The fallout from Brexit: what’s next?

The fallout from Brexit: what’s next? article image

Coface, a world leader in credit insurance, has downgraded its 2016 GDP growth forecast for the UK from 1.8% to 1.2% in the wake of Brexit.

In the short-term, uncertainty and volatility is likely to prevail on financial markets, it says.

The impact on business and consumer confidence in both the UK and in the rest of the world will depend on the magnitude of the correction on financial markets and on political developments in the coming weeks.

In the UK, if business and consumer confidence is affected by financial market volatility and political uncertainties, private consumption related sectors will be affected.

And business investment will also take a hit.

Coface says the construction sector could be impacted by higher prices of imported inputs.

The good news for Australia is that exporting sectors are not the most at risk in the short-term, as they could benefit from the lower level of the GBP.

All in all, this could push the Bank of England to cut rates by the end of the year, Coface notes.

“And this leads us to revise down our GDP growth forecast (to 1.2% this year instead of 1.8%, and 1.1% next year).”

Late last week the UK voted to leave the European Union, with 52% voting to leave and 48% to remain.

Soon after the vote, Britain’s Prime Minister David Cameron announced he would step down.

Uncertainties are high

Shockwaves have spread across financial markets as both short-term and long-term uncertainties are high.

The GBP plunged to its lowest since 1985. Global equity markets have fallen too (Japan, Germany and France down by 7-8%), even more than the Footsie (-4.5%), as some stocks could not be traded when the market opened in London. Oil (-5%), gold (+5%) and the euro (-3% vs USD) also reflect this surge in volatility and global risk aversion.

Domestic political uncertainties add to this risk, say Coface, as a conservative leadership election could take several months.

And the UK's vote to leave may lead to calls for another Scottish referendum, as Scotland voted to remain in the EU. Northern Ireland’s case could be an issue too, all the more since the region has borders with an EU country, the Republic of Ireland.

In the rest of the world and more specifically in the EU, the magnitude of spill-over effects in the short-term will mostly depend on coming political developments and central bank actions.

Long-term challenges

And a general election in Spain could bring further uncertainty on to the future of the European project, says Coface.

Later this year, a referendum in Italy on the constitution reform is expected and the resignation of Prime Minister Matteo Renzi is at play. Then elections are scheduled in the Netherlands, France and in Germany in Q1, Q2 and Q3 2017 respectively.

Higher volatility and uncertainty in the short-term will be driven by long-term challenges and unknowns resulting from the outcome of the referendum.

In this regard, the key issue is of course the negotiation of a trade agreement between the UK and the EU. The trickiest point is the access to the single market that ensures free movements of goods, services, capital and people (and makes it possible for firms of the financial sector based in the UK to operate easily in the whole EU without having to comply with local regulations).

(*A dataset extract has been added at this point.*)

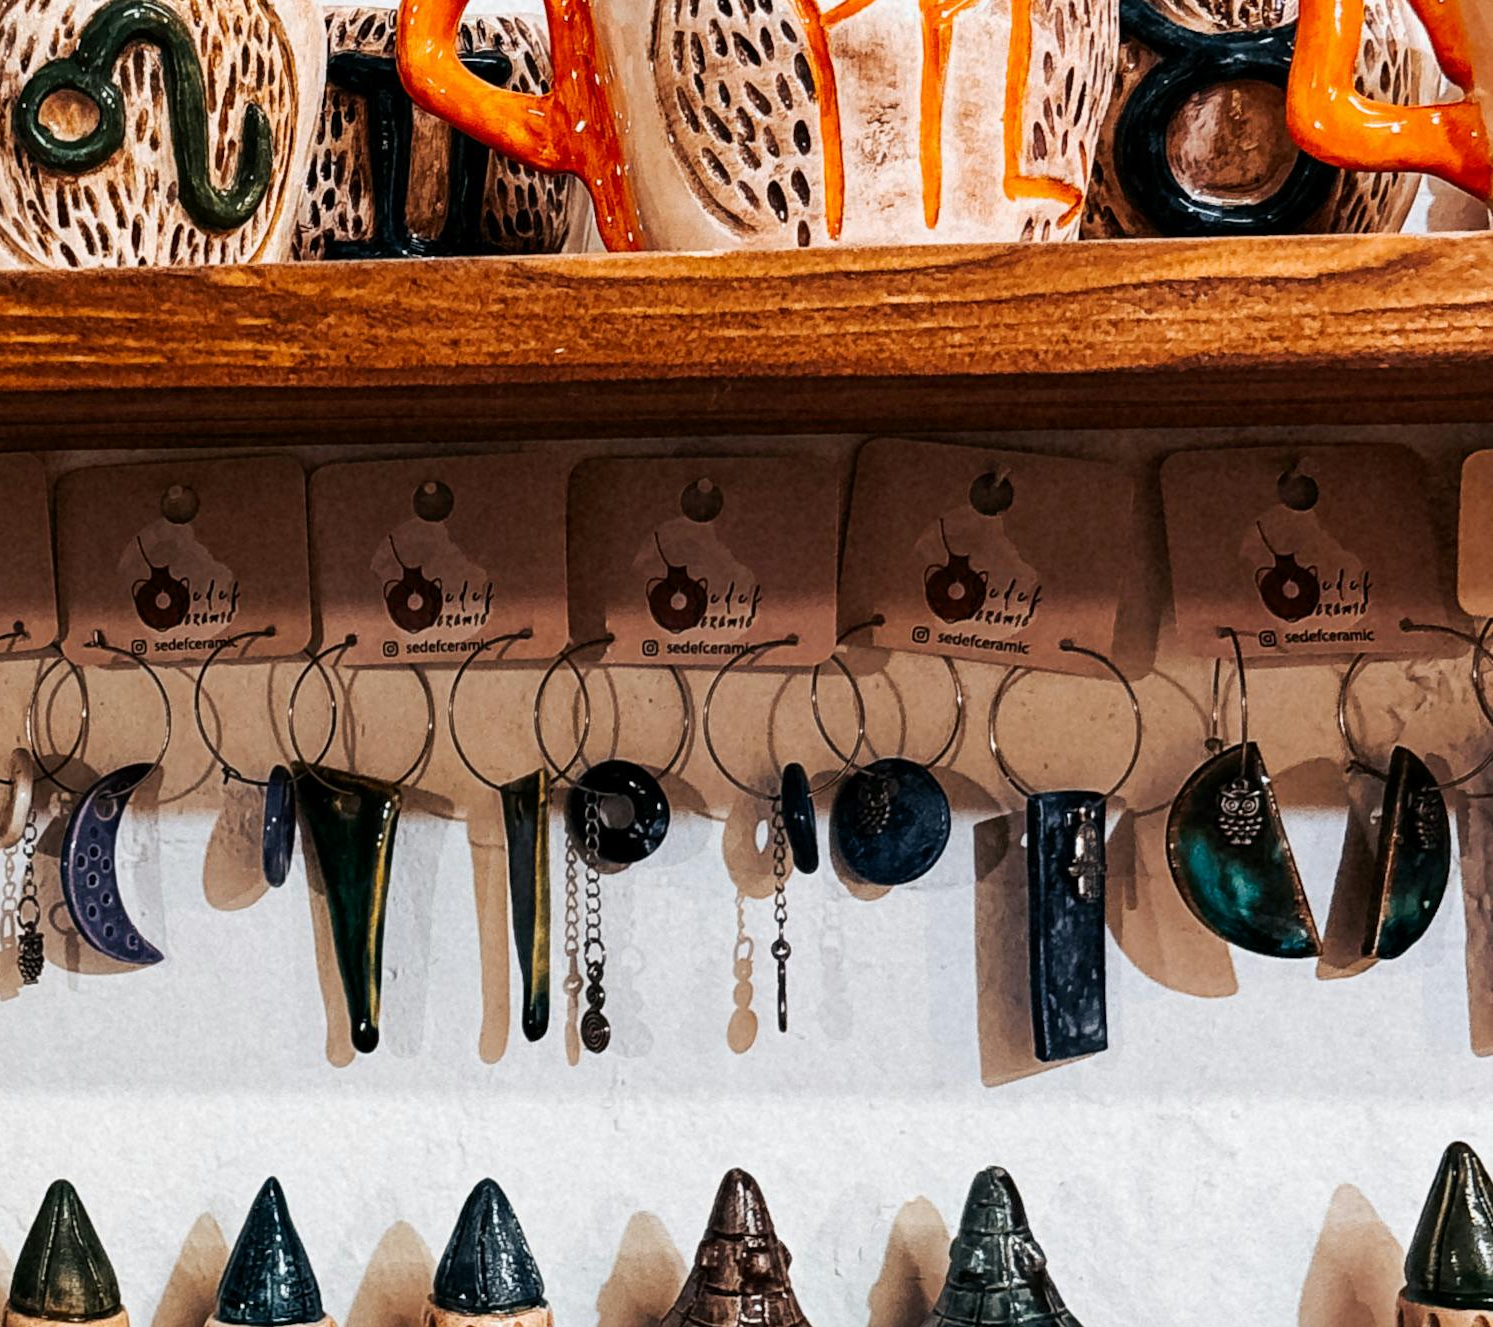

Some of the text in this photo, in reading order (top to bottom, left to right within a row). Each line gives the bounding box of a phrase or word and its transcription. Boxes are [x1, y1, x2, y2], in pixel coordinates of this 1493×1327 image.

[154, 636, 238, 651] sedefceram
[937, 633, 1030, 654] sedefceramic
[1285, 629, 1375, 643] sedefceramic

According to Article 50 of the Treaty on EU, the UK has to formally announce its intention to leave the EU during the European Council on June 28.

The UK will then have two years to negotiate a new agreement with the EU, which seems nonetheless unlikely due to the very long period usually required to negotiate trade agreements. It took seven years for Canada and the EU to settle one (and it is still not ratified).

Prolonged countdown

The two-year countdown could therefore be prolonged. 

Three types of agreements are conceivable:

  1. EEA membership, like Norway, which implies full access to the single market but loosing voting rights on regulatory framework and EU decisions
  2. A “customized” bilateral agreement, like Switzerland, which establishes access to the single market for specific sectors and
  3. WTO rules, with existing custom tariffs and no access to the single market.

The agreement will largely depend on political choices of the future PM, as there is a trade-off to be done between economic benefits resulting from the access to the single market and political/regulatory constraints.

As one of the leaders of the “Leave” camp is very likely to be the next PM, a Norway-style agreement is less likely and the negotiation process with the EU will be tricky.

And defaulting to WTO rules means higher custom tariffs and no access to the single market. In this worst case scenario, the long-term economic cost of the Brexit would be higher.

Higher custom tariffs

In the UK, usual competitive exporting sectors being linked to the EU through supply chains (pharmaceutical and automotive are notable examples) will suffer from higher custom tariffs on their exports to the EU in the long-term. But on the other hand, the government could also decide to impose higher import tariffs, especially to help sectors currently suffering from foreign competition (metal industry).

The long-term effect on the financial sector (8% of GDP, i.e. twice higher than the OECD average) is an unknown at this stage.

In the EU, countries having the strongest links (in terms of trade and investment) with the UK and comparatively small domestic markets are most exposed: Ireland is by far the most at risk in this regard, followed by the Netherlands, Belgium, Denmark and Sweden, where the impact will be smaller.